**Problem**
A word-for-word copy of the records is needed, with every picture left out.

**Given data**

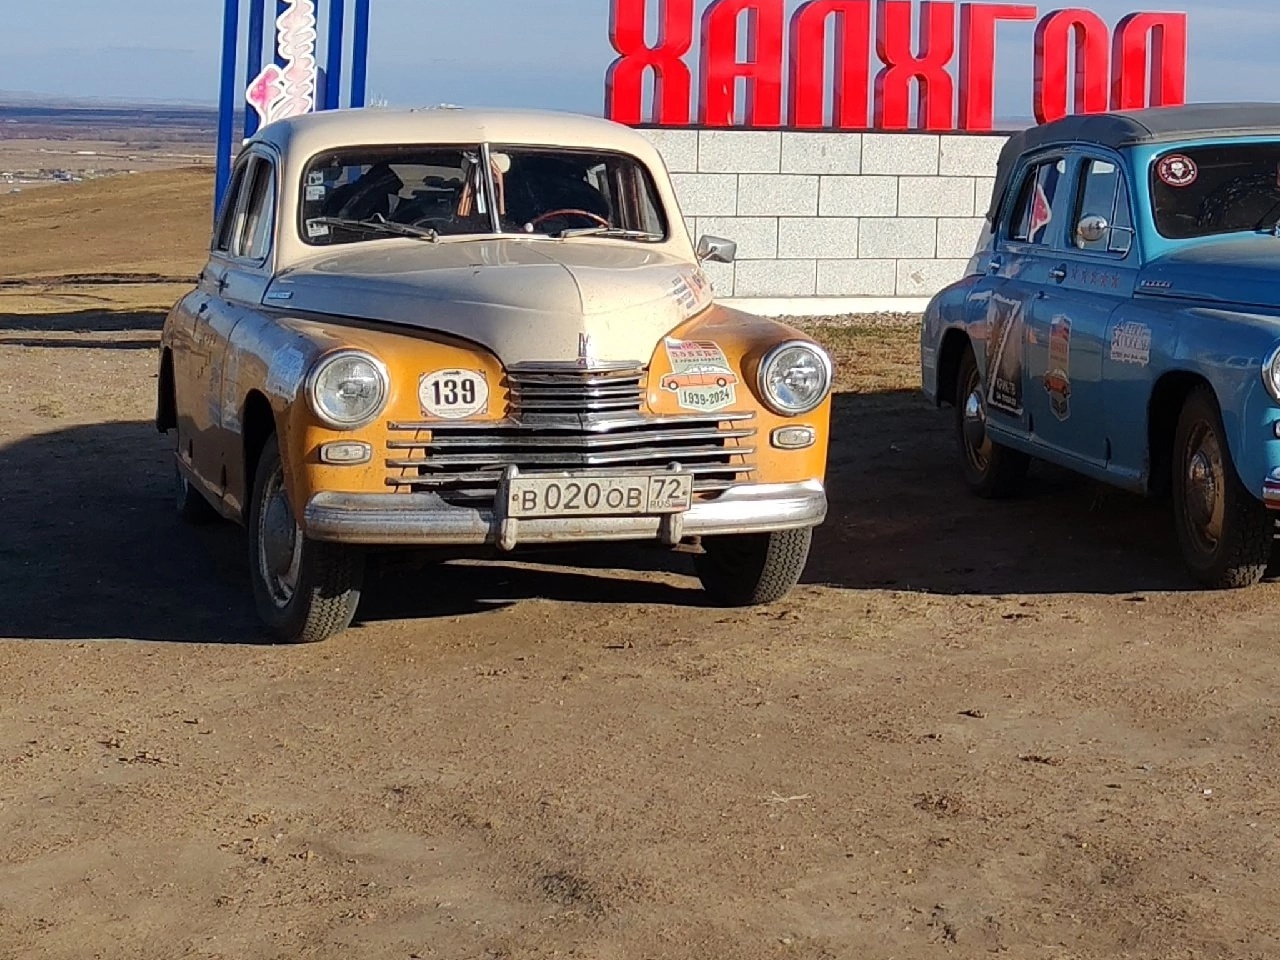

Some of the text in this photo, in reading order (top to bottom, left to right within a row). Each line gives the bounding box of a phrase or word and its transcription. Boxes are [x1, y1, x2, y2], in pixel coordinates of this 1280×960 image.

[432, 378, 476, 405] 139
[683, 389, 730, 406] 1939-2024
[653, 478, 682, 500] 72
[650, 500, 671, 509] RUS
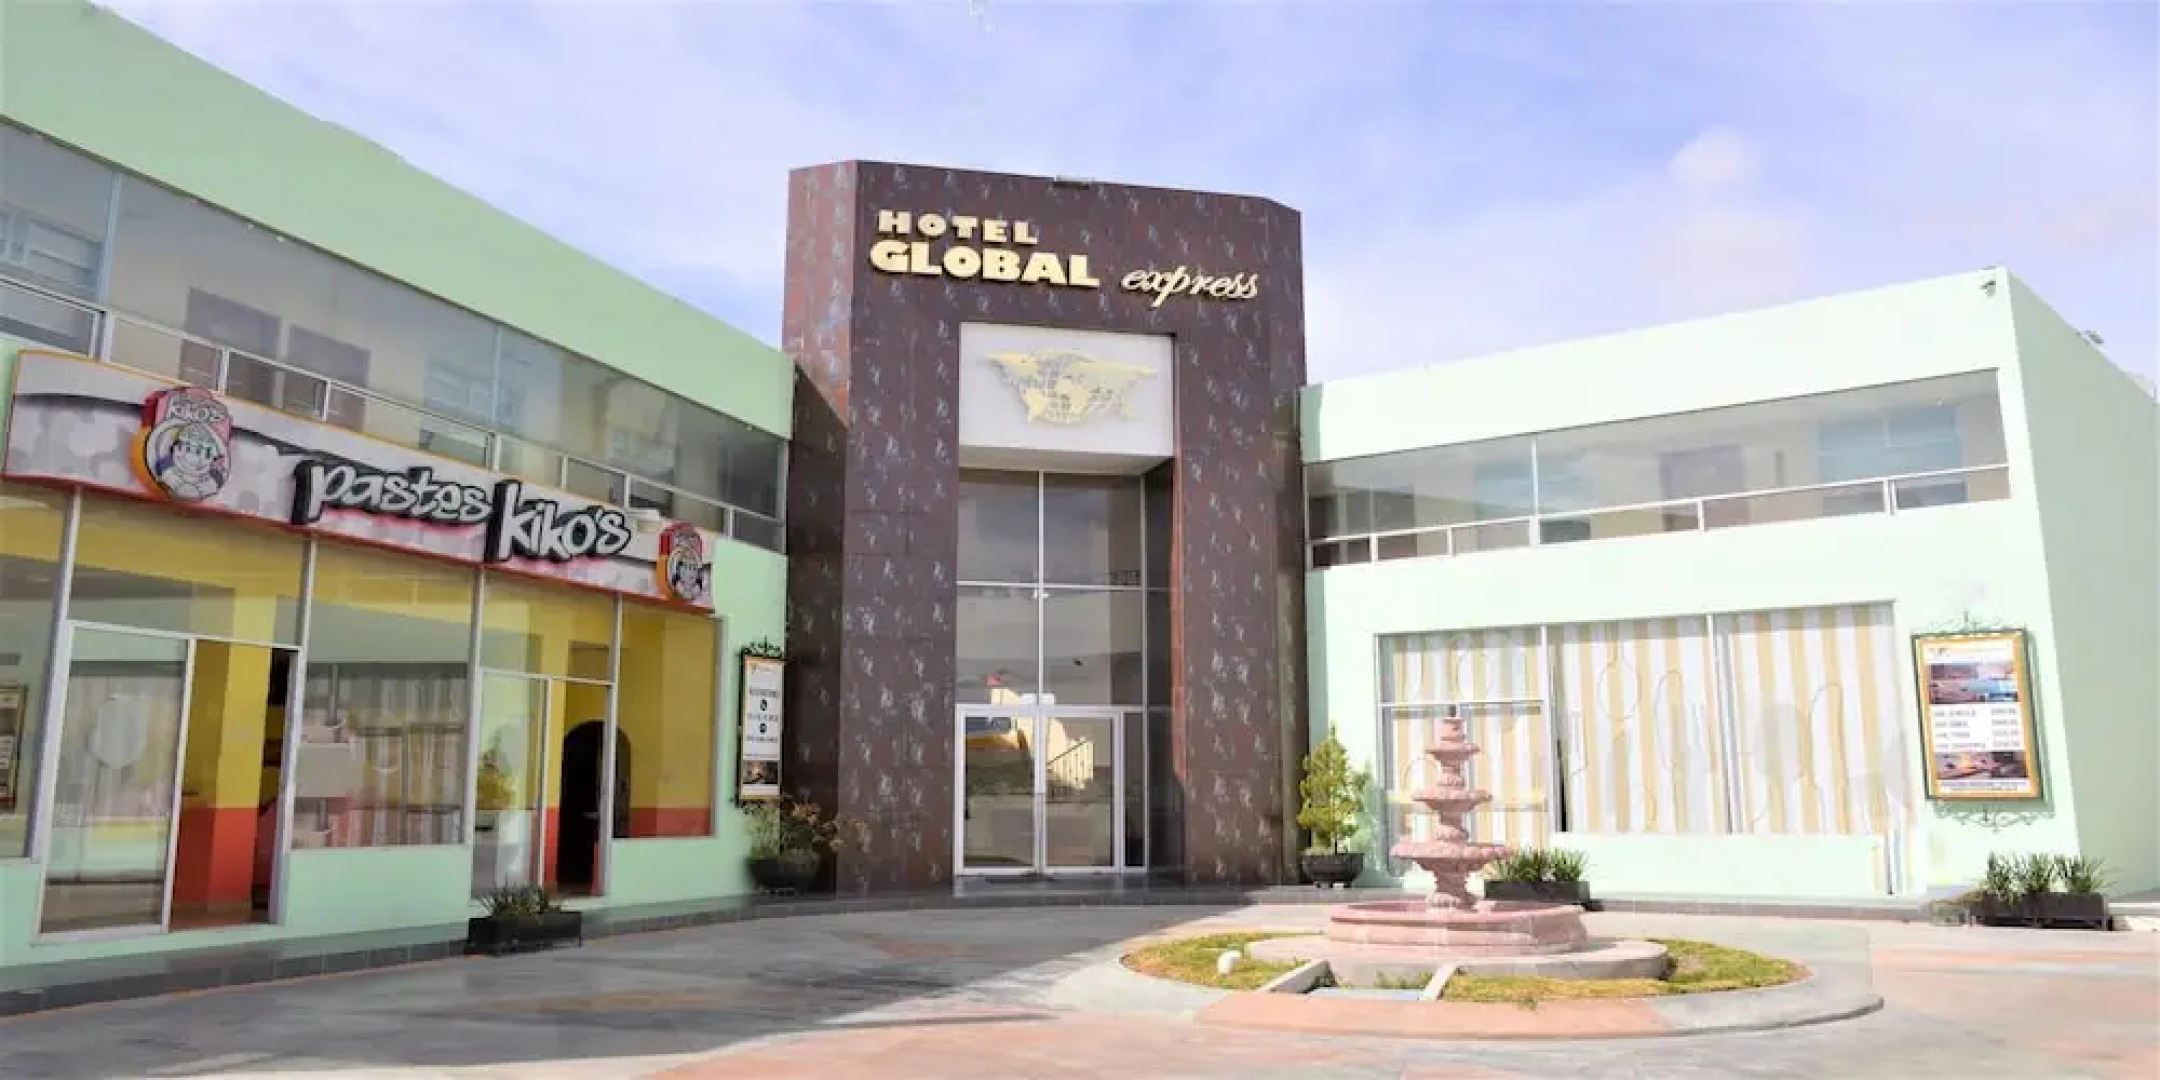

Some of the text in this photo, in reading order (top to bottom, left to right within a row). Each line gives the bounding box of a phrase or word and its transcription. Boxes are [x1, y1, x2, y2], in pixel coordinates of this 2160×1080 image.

[877, 209, 1038, 245] HOTEL
[869, 239, 1259, 308] GLOBAL express
[303, 462, 494, 524] pastes
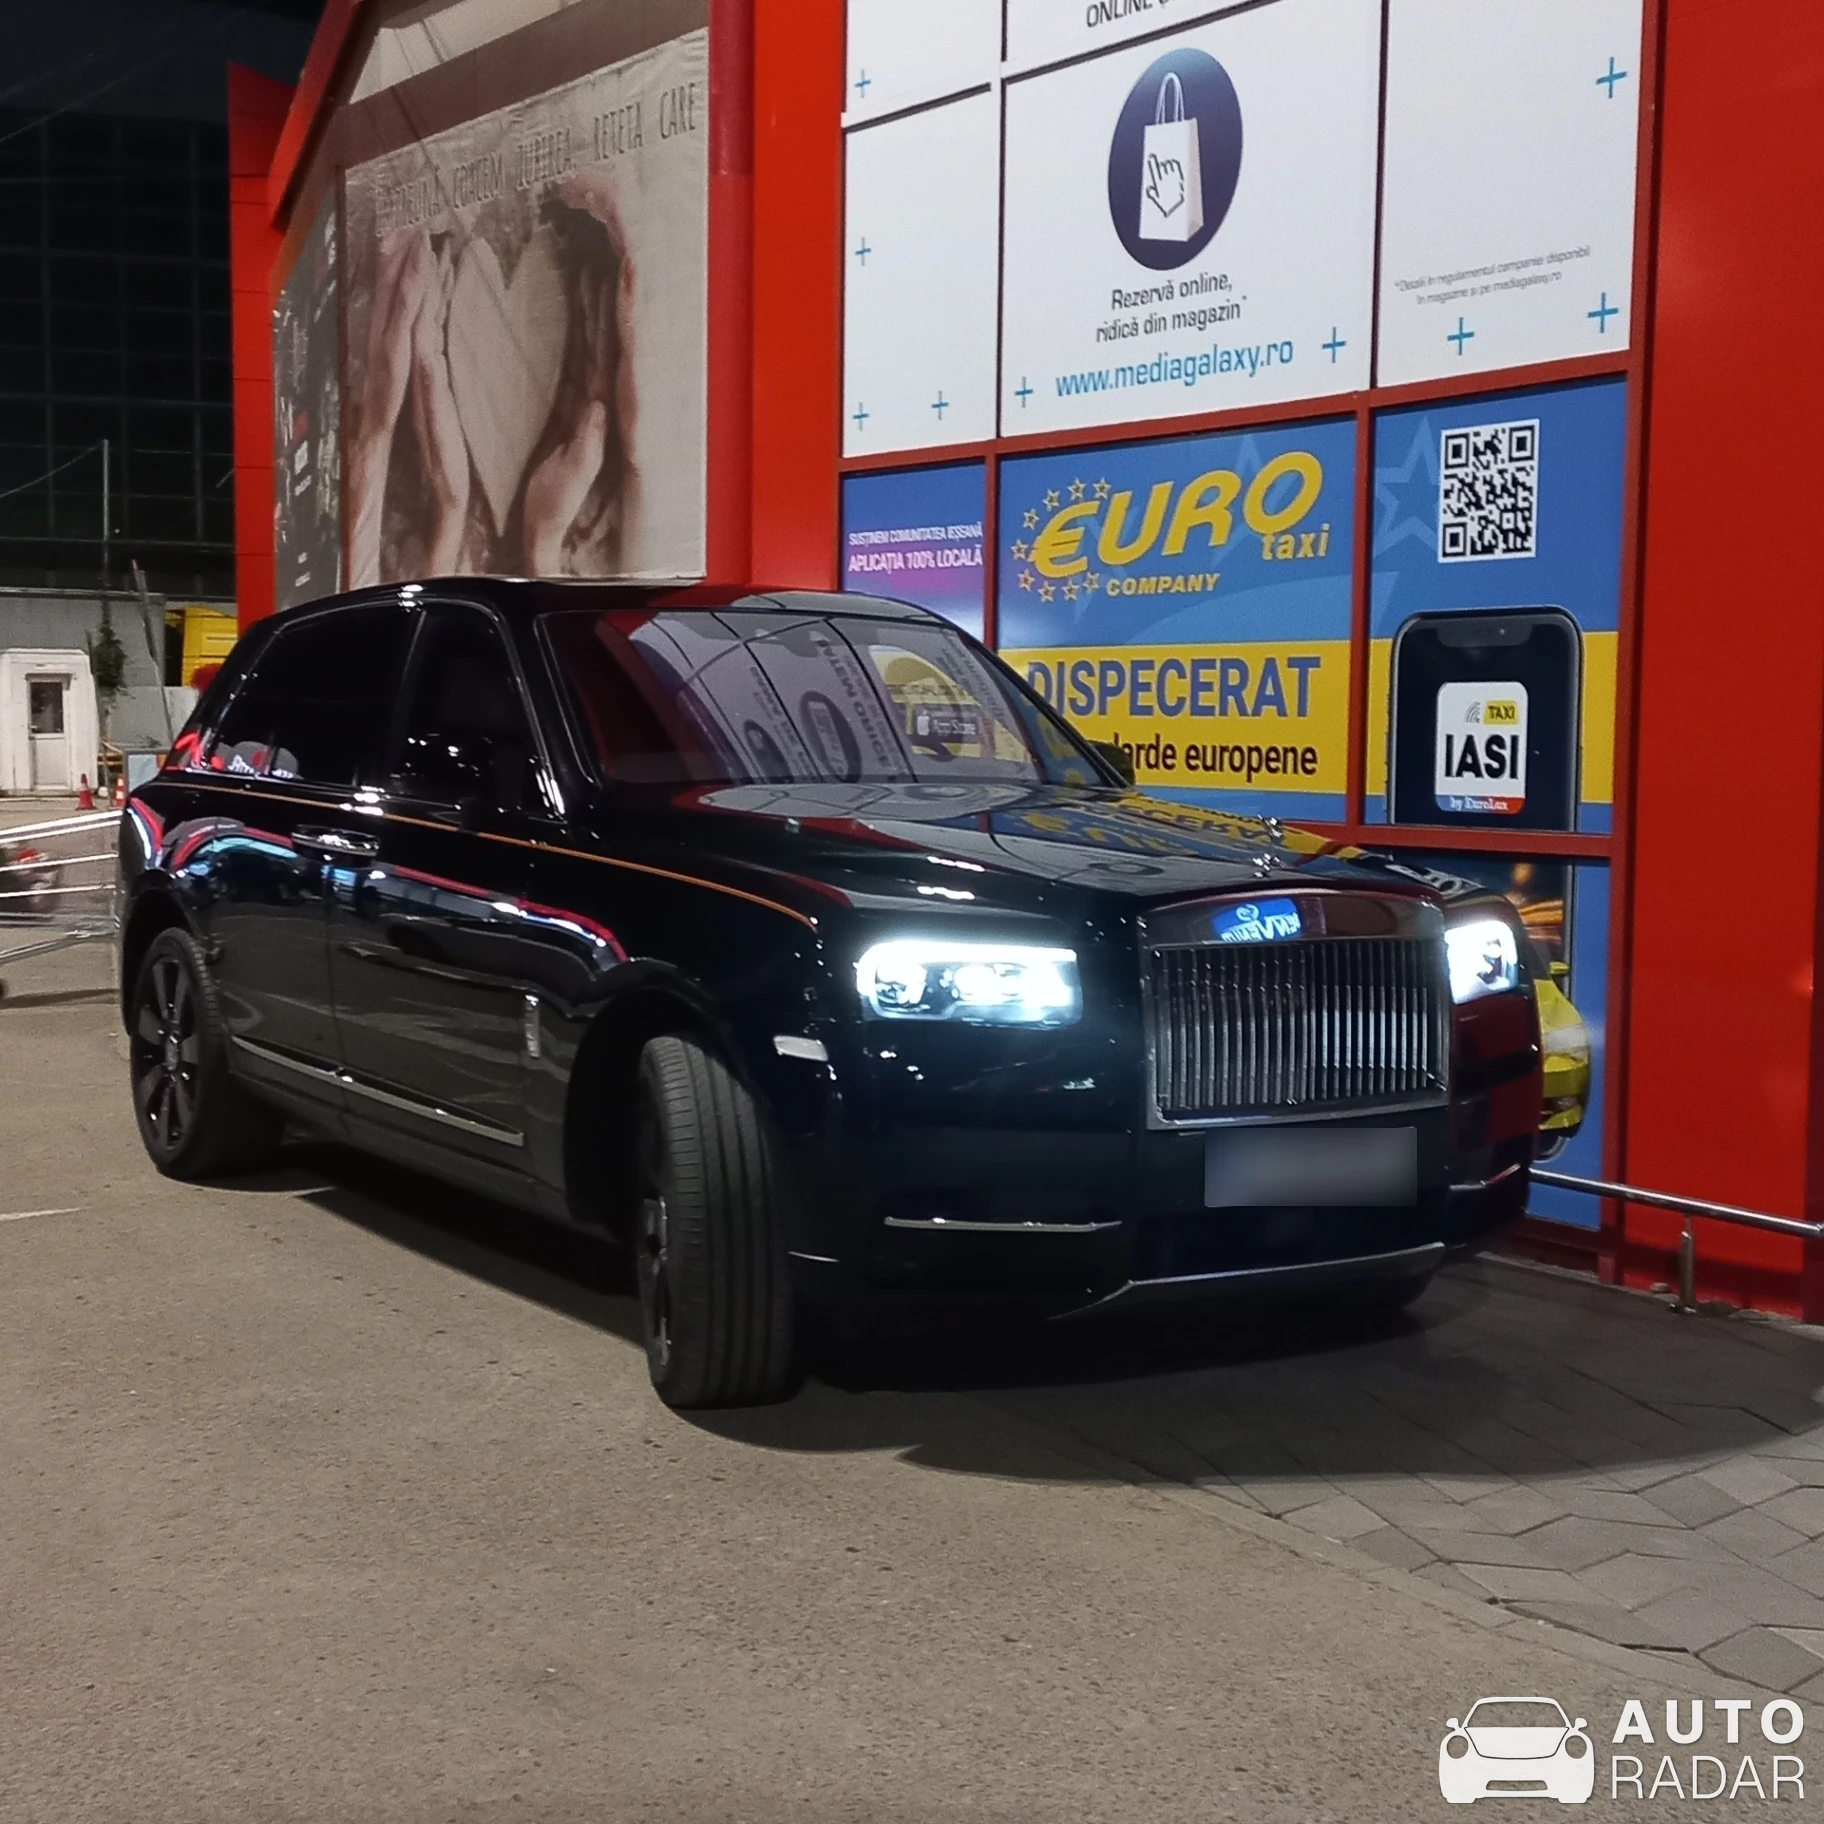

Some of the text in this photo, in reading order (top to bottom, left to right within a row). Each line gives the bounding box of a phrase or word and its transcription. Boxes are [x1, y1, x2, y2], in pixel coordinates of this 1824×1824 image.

[660, 82, 697, 139] CARE
[1179, 273, 1233, 298] online,
[1144, 313, 1168, 335] din
[1056, 340, 1294, 397] www.mediagalaxy.ro
[905, 550, 936, 569] 100%
[1261, 523, 1331, 560] taxi
[1106, 573, 1221, 596] COMPANY
[1027, 656, 1322, 718] DISPECERAT
[1487, 705, 1515, 719] TAXI
[1185, 742, 1318, 783] europene
[1444, 734, 1519, 780] IASI

**Answer to the problem**
Some of the text in this photo, in reading order (top to bottom, left to right within a row). Each line gives the bounding box of a phrase or word and its transcription. Boxes are [x1, y1, x2, y2], in pixel coordinates of this 1280×960 image.

[432, 378, 476, 405] 139
[683, 389, 730, 406] 1939-2024
[653, 478, 682, 500] 72
[650, 500, 671, 509] RUS

Some of the text in this photo, in reading order (top to bottom, left to right within a row). Each line gives the bounding box of a phrase or word and its transcription. Boxes are [x1, y1, x2, y2], in pixel coordinates of this 2160×1080 image.

[877, 209, 1038, 245] HOTEL
[869, 239, 1259, 308] GLOBAL express
[303, 462, 494, 524] pastes

Some of the text in this photo, in reading order (top to bottom, left to right within a row). Each line gives the bounding box of a phrase or word and its transcription. Boxes are [x1, y1, x2, y2], in pixel coordinates of this 1824×1824 image.

[660, 82, 697, 139] CARE
[1179, 273, 1233, 298] online,
[1144, 313, 1168, 335] din
[1056, 340, 1294, 397] www.mediagalaxy.ro
[905, 550, 936, 569] 100%
[1261, 523, 1331, 560] taxi
[1106, 573, 1221, 596] COMPANY
[1027, 656, 1322, 718] DISPECERAT
[1487, 705, 1515, 719] TAXI
[1185, 742, 1318, 783] europene
[1444, 734, 1519, 780] IASI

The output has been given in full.